If it were a healthcare occupancy, the answer is a no-brainer, since section 19.3.2.5.2 specifically says residential cooking equipment that is used for food warming or limited cooking does not have to meet the requirements of 9.2.3. While that section may have been written for food warming equipment in staff lounges, one could apply it towards occupational therapy kitchens as well.

But you may have a good case with sections 38/39.3.2.3 (3), which says something similar and exempts cooking equipment used only for food warming from having to meet section 9.2.3. There are a few other points that would prevent you from having to meet NFPA 96 requirements. According to NFPA 96-2011, section 1.1, it says the following regarding residential equipment:

  • 1.1.2 This standard shall apply to residential cooking equipment used for commercial cooking operations.

(You’re not using this residential cooking equipment for commercial cooking operations, so therefore, NFPA 96 does not apply).

 1.1.4* This standard shall not apply to facilities where all of the following are met:

(1) Only residential equipment is being used.
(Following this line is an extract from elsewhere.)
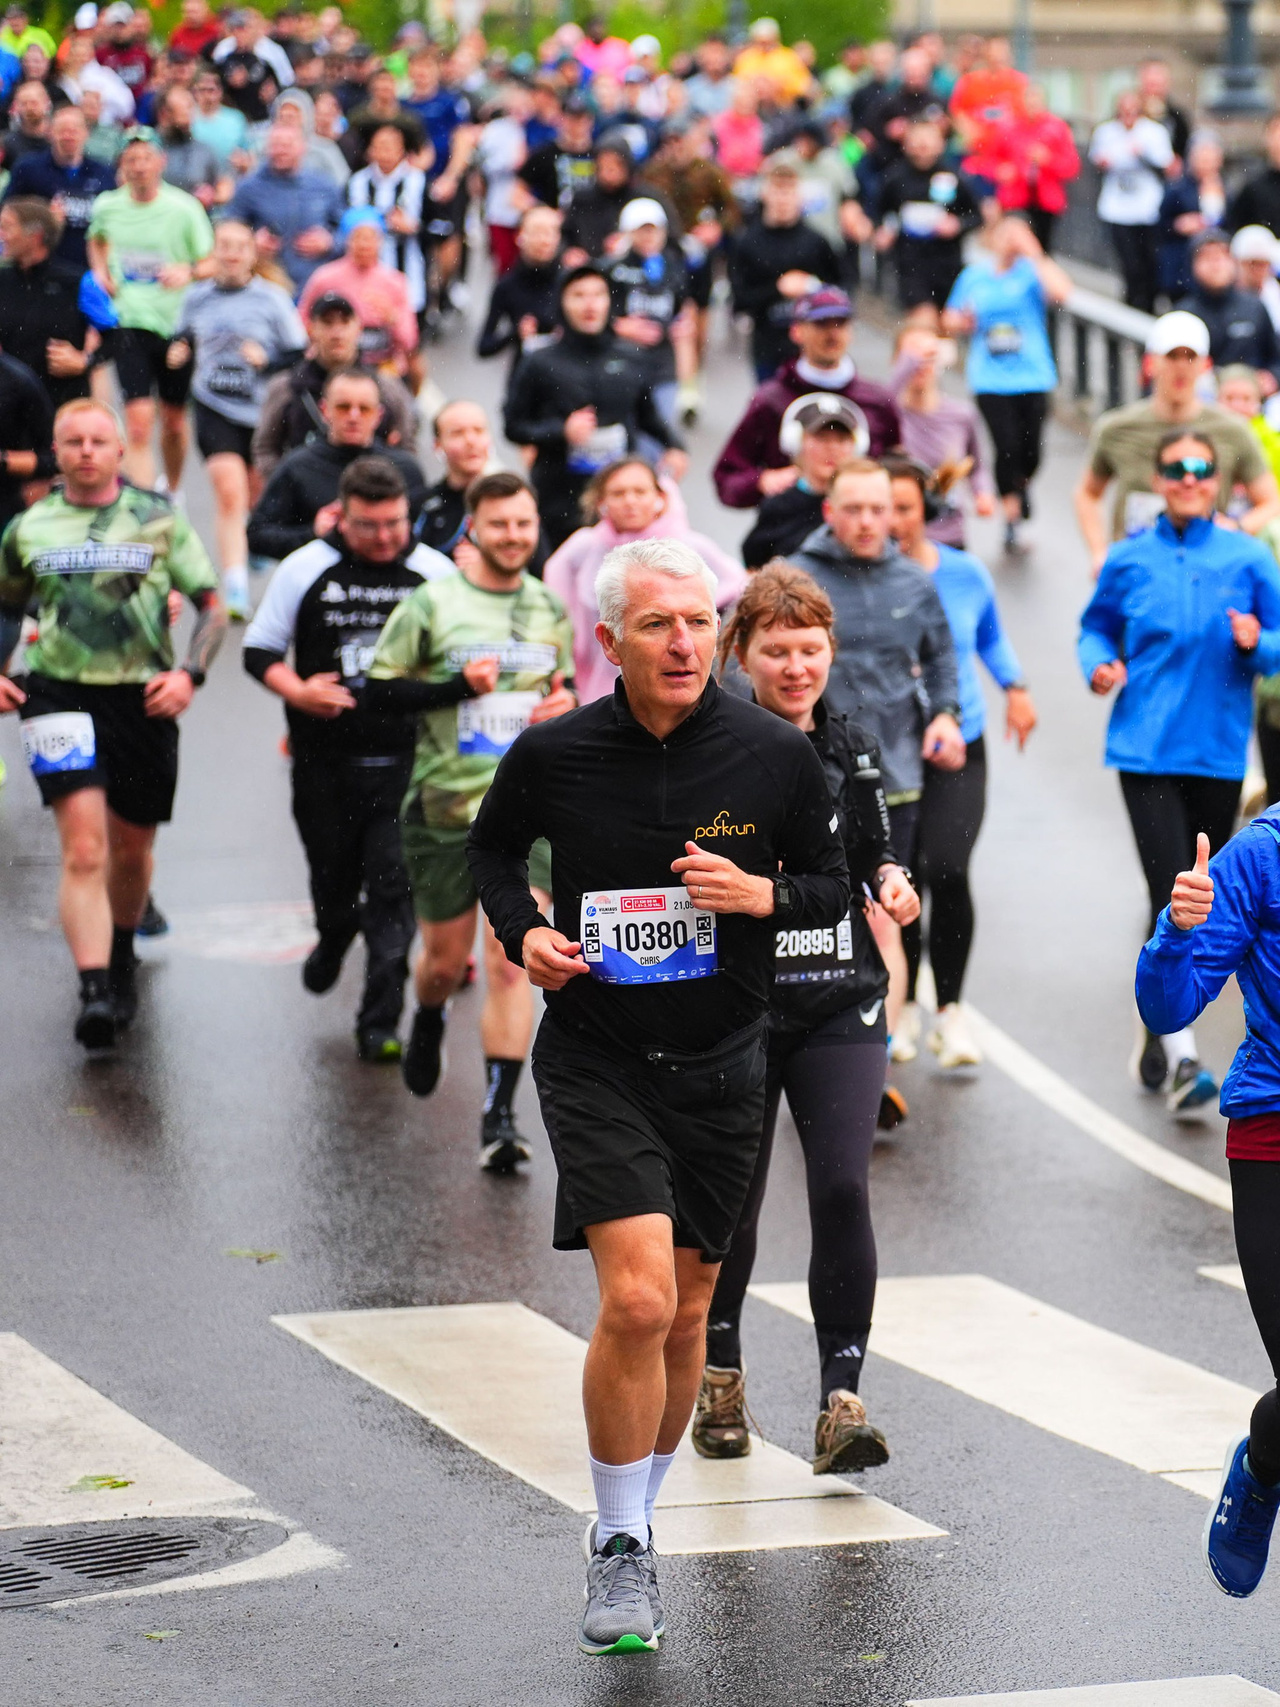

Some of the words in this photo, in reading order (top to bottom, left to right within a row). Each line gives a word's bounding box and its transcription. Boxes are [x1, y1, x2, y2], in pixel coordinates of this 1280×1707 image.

[694, 810, 756, 841] parkrun
[612, 919, 689, 953] 10380
[775, 927, 835, 958] 20895
[640, 955, 660, 966] CHRIS
(2) Fire extinguishers are located in all kitchen areas in accordance with NFPA 10, Standard for Portable Fire Extinguishers.

(3) The facility is not an assembly occupancy.

(4) The authority having jurisdiction has approved the installation.

(Make sure you comply with the above four items and you do not have to comply with NFPA 96.)

So, I think you have enough to go on to convince an AHJ that a NFPA 96 exhaust hood is not required for occupational therapy residential cooking equipment in business occupancies.

Smoke Dampers in Smoke Partitions?

Q: When comparing smoke dampers in smoke barriers vs smoke partitions, section 8.5.5.2 requires smoke dampers (with exemptions) for penetrations by ducts or air-transfer openings in a smoke barrier. Section 8.4.6.2 (smoke dampers in smoke partitions) only indicates air-transfer openings as required to have smoke dampers, with no mention of ducted openings, which we interpret to mean that ducted openings in a smoke partition do not require smoke dampers. However, we have been repeatedly told by mechanical engineers that smoke dampers are required for all ducts, transfer ducts, and air-transfer openings that pass through a smoke partition – which interpretation is correct?

A: It appears to me that your mechanical engineers are confusing smoke partitions with smoke barriers. To be sure, air-transfer openings are prohibited in corridor walls (which are smoke partitions) in healthcare occupancies, according to section 19.3.6.4.1 of the 2012 LSC. Also, section 19.3.7.3 (2) exempts smoke dampers in fully-ducted penetrations in smoke barriers, where the smoke compartments served by the smoke barriers are fully protected with Quick Response sprinklers. I do not see where smoke dampers are required in HVAC ductwork in smoke partitions.